The experts diagnosed cancer with a specificity of 84%, but the sensitivity was only 52%. For the diagnosis of PTC, the expert’s sensitivity of 64% was only slightly higher. These findings indicate that in real life setting, the accurate differential diagnosis of nodules still remains difficult. Our five thyroidologists, who have long-time experience in interpreting thyroid ultrasound, did not predict malignancy accurately. Using a number of at least two positive ultrasound criteria to define the risk of malignancy yields a higher sensitivity but a lower specificity than expert judgement.

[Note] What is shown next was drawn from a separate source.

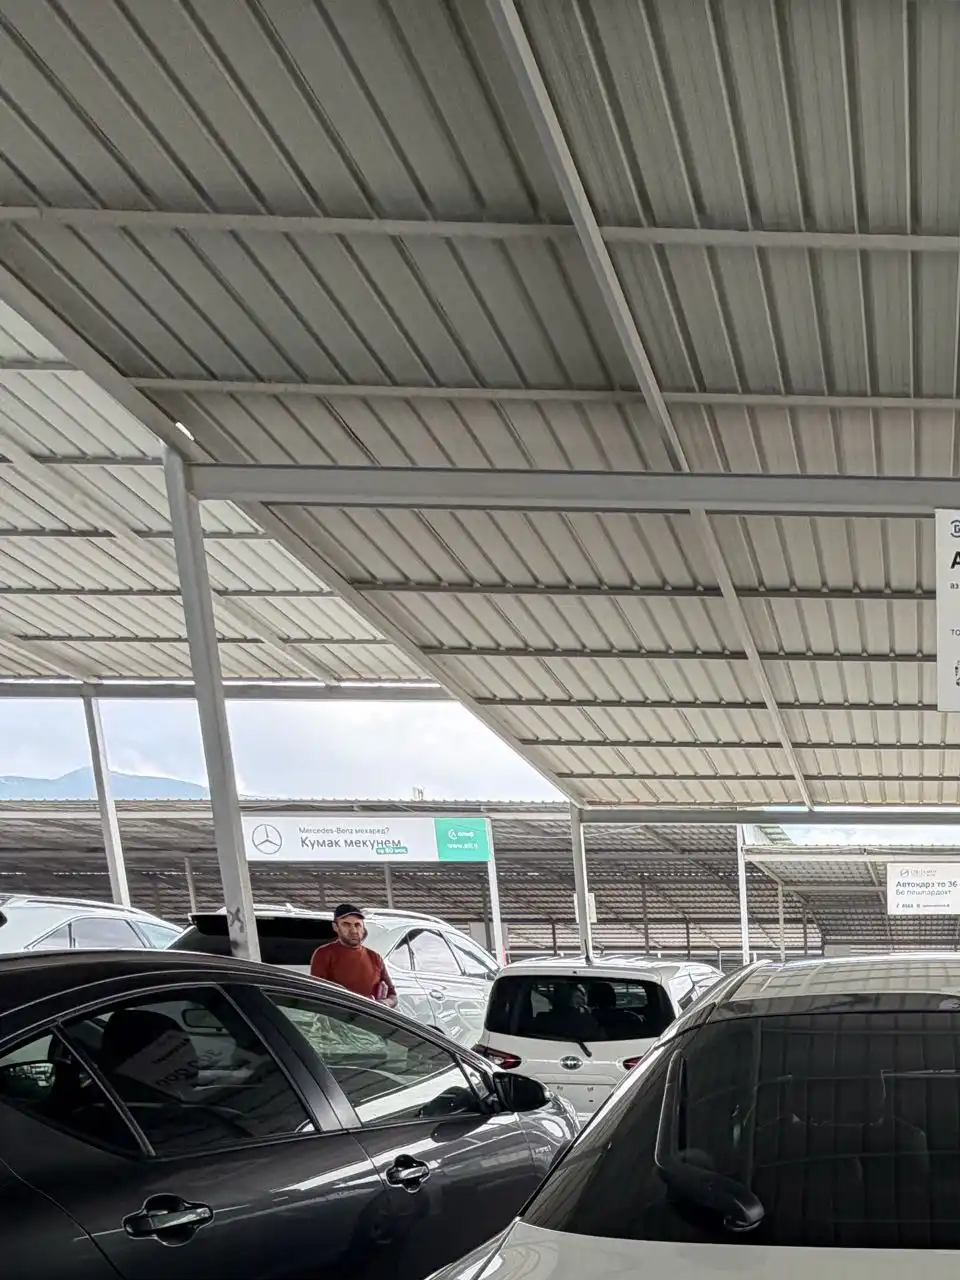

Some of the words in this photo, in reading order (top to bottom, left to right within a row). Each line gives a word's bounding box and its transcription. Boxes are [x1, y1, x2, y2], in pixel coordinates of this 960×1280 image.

Our findings suggest that mild hypoechogenicity should be clearly differentiated from marked hypoechogenicity. The role of mild hypoechogenicity as a malignancy marker has to be clarified in relation to iodine status: In the sample studied here, in opposition to marked hypoechogenicity - which was significantly more frequent in PTC - mild hypoechogenicity didn’t even show a trend towards higher frequency in PTC. On the other hand, the absence of a thin halo added diagnostic value in the sample presented here and might be worthy of consideration when evaluating nodules for possible malignancy.

The 2015 American Thyroid Association Management Guidelines for Adult Patients with Thyroid Nodules and Differentiated Thyroid Cancer [13] have been published after a long debate including a revised concept for ultrasonographic risk stratification of thyroid nodules. These guidelines do not distinguish between mild and marked hypoechogenicity. Hypoechogenic solid nodules without other risk patterns are classified as intermediately suspicious with a malignancy risk of 10-20%. In our study sample, however, the criterion hypoechogenicity was not found more often in cancer than in benign lesions.

The six criteria were not helpful for diagnosing follicular cancer. As presented in Table 6, the mean number of ultrasound criteria of FTC did not differ from BN, but from PTC. In these patients, the “nodule in nodule sign” could be a criterion for future studies [29]. If, as sometimes is suggested, the scintigraphic pattern (with reduced versus isointense activity) would be helpful in risk stratification of those nodules, is currently unclear. The sample did not include any patient with medullary thyroid cancer. Most probably this is because in Vienna nearly all patients with medullary thyroid cancer are followed up in a single tertiary centre after surgery.

Strengths of the study include the assessment by five thyroid experts in a systematic way and the availability of histological data of all the included nodules. Limitations of the study include the retrospective study design, that only B-mode images were used, the lack of information on the actual iodine status of the patients, the rather small sample size and the single center study design.

Conclusions

In conclusion, we report validity of published ultrasound malignancy risk markers of thyroid nodules in the formerly severely iodine deficient area of Austria for the first time. Our findings support the EU-TIRADS scoring system. With the exception of hypoechogenicity, ultrasound criteria as described in the literature were applicable with good sensitivity for risk adjustment of thyroid nodules in this secondary care setting. Additionally, the missing halo sign was a sensitive malignancy marker in this sample, which might be useful in a screening setting.